● **Provided data**
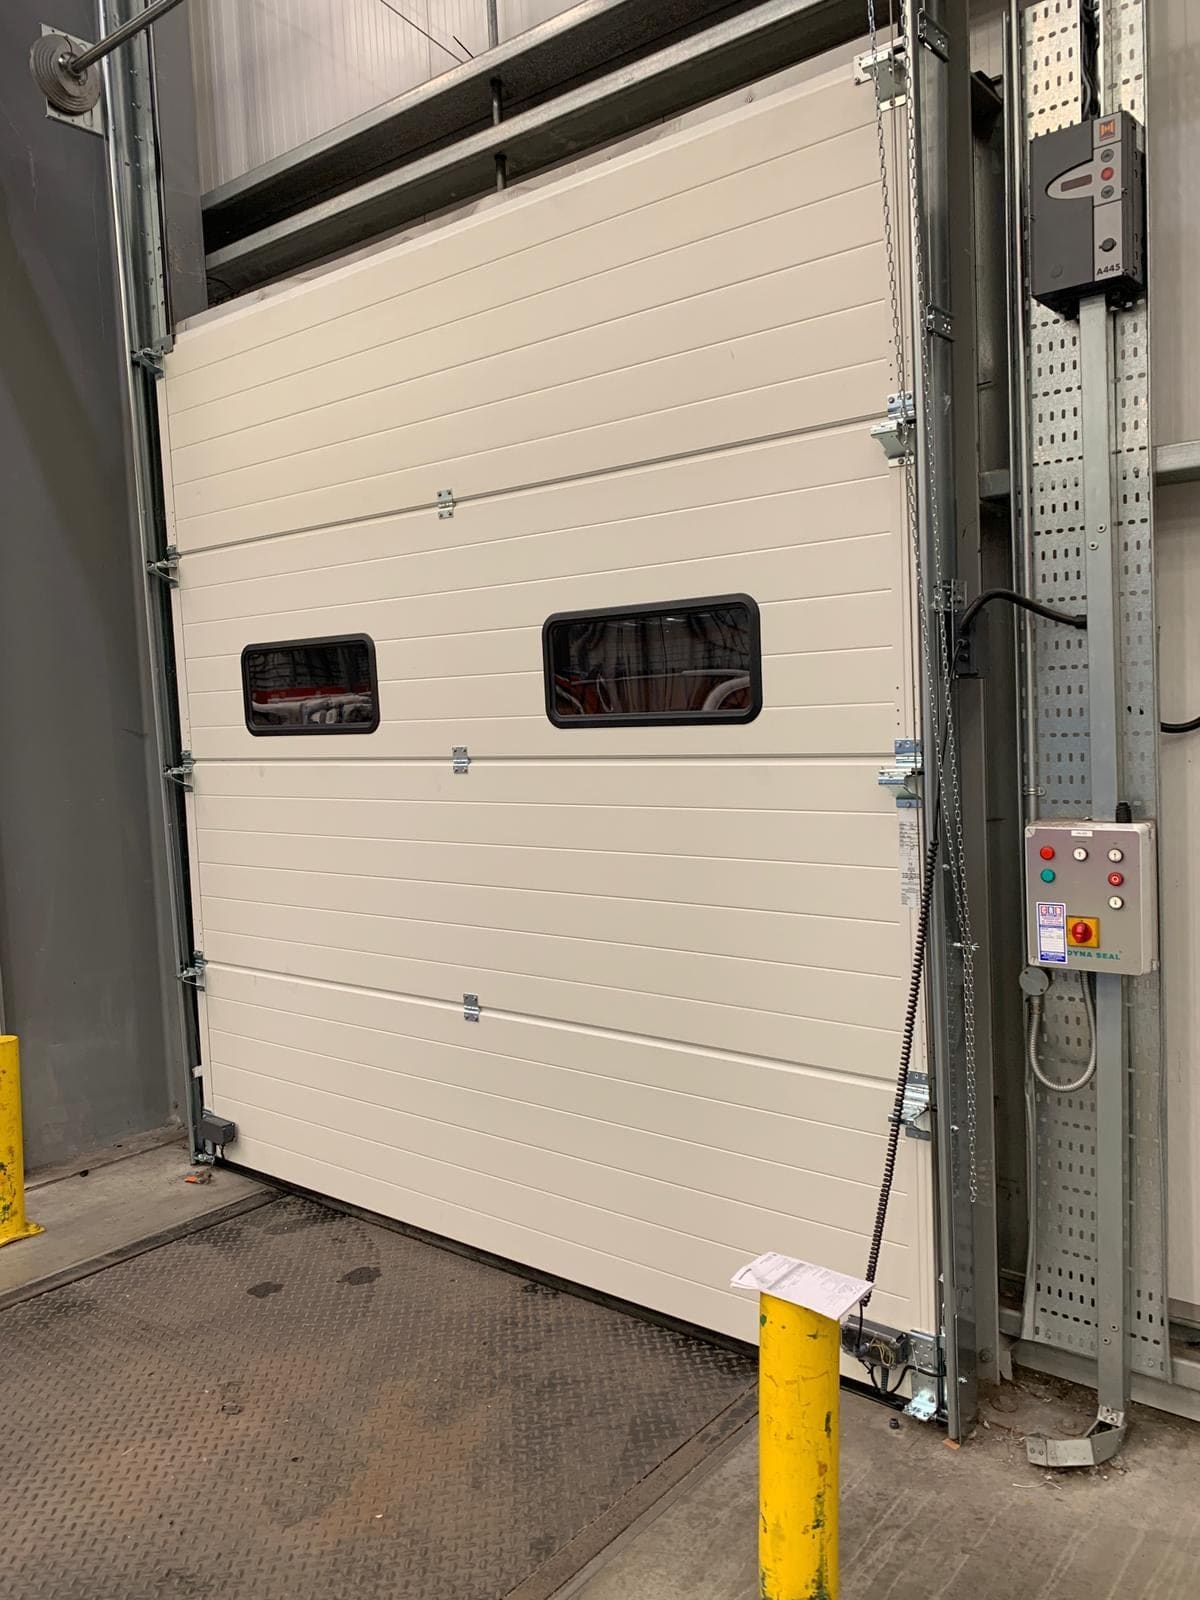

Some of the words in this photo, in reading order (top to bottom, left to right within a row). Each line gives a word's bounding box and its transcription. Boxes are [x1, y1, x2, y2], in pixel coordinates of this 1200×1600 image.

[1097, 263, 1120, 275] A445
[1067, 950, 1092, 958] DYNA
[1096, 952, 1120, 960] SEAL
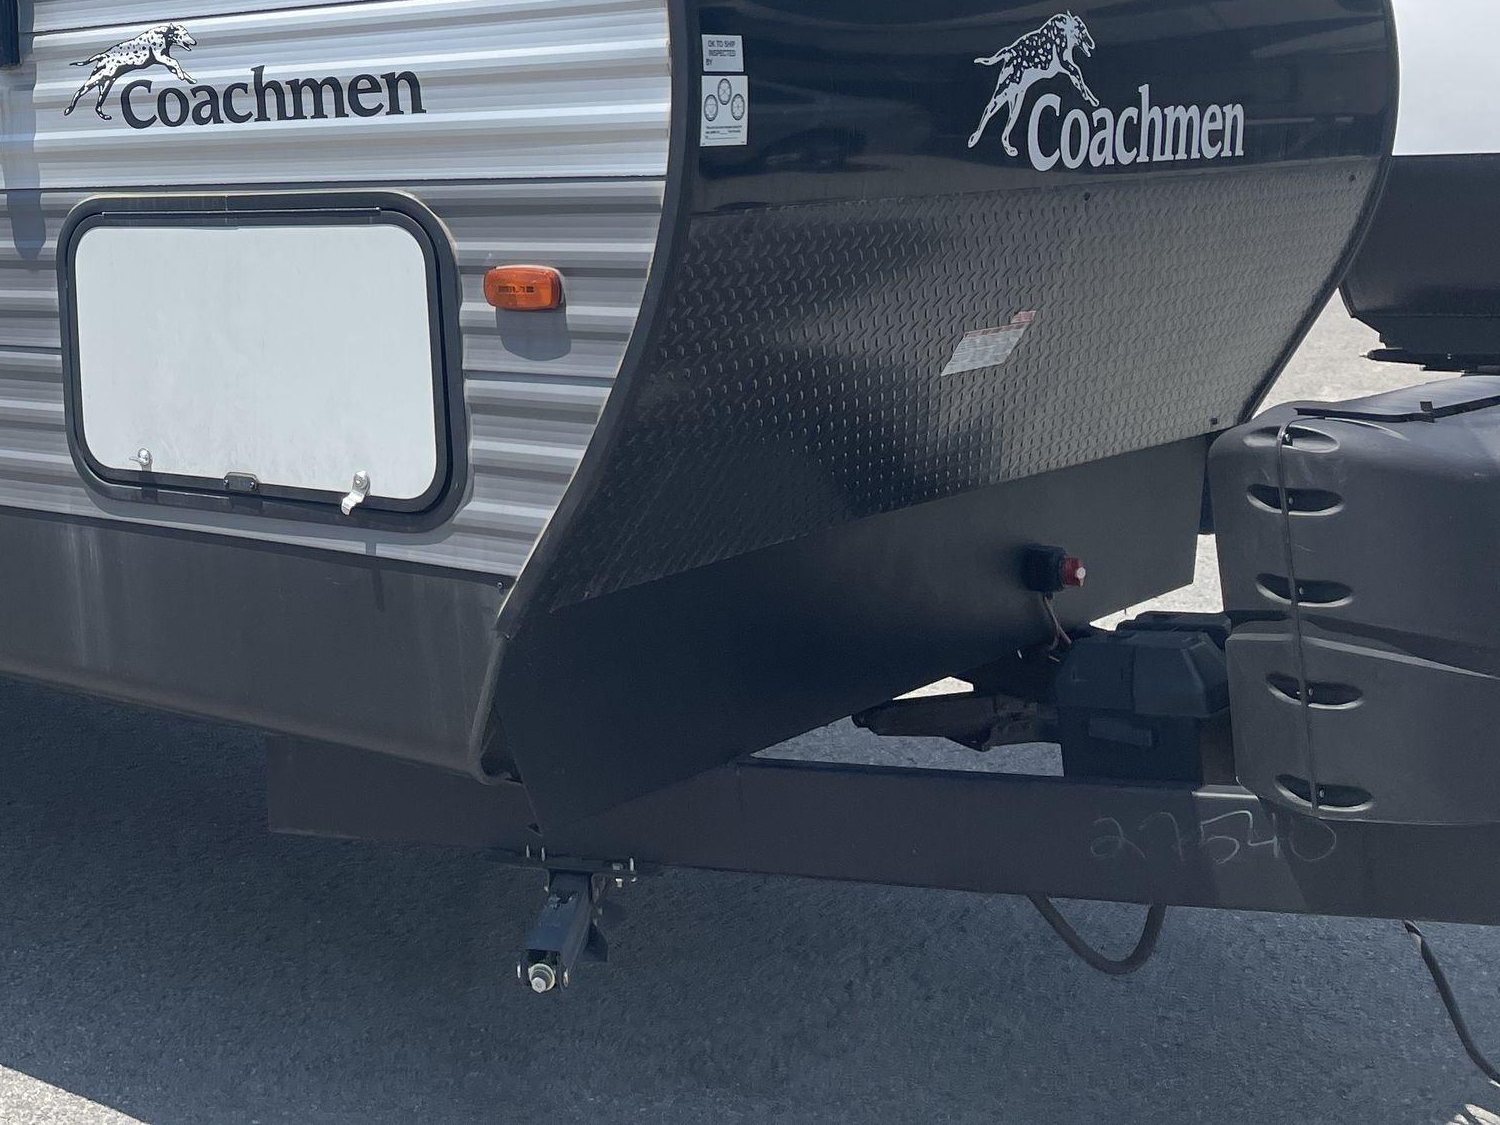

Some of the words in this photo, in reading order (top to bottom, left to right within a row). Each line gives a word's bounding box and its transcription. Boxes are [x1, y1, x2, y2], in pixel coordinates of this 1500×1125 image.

● **Problem to solve**
The records above need to be copied exactly, with the pictures left out.

● **Exercise output**
Some of the words in this photo, in reading order (top to bottom, left to right within a row). Each line gives a word's bounding box and its transcription. Boxes are [x1, y1, x2, y2], in pixel coordinates of this 1200×1600 image.

[1097, 263, 1120, 275] A445
[1067, 950, 1092, 958] DYNA
[1096, 952, 1120, 960] SEAL

Some of the words in this photo, in reading order (top to bottom, left to right within a row). Each line gives a word's bounding box and its transcription. Boxes are [x1, y1, x2, y2], in pixel coordinates of this 1500×1125 image.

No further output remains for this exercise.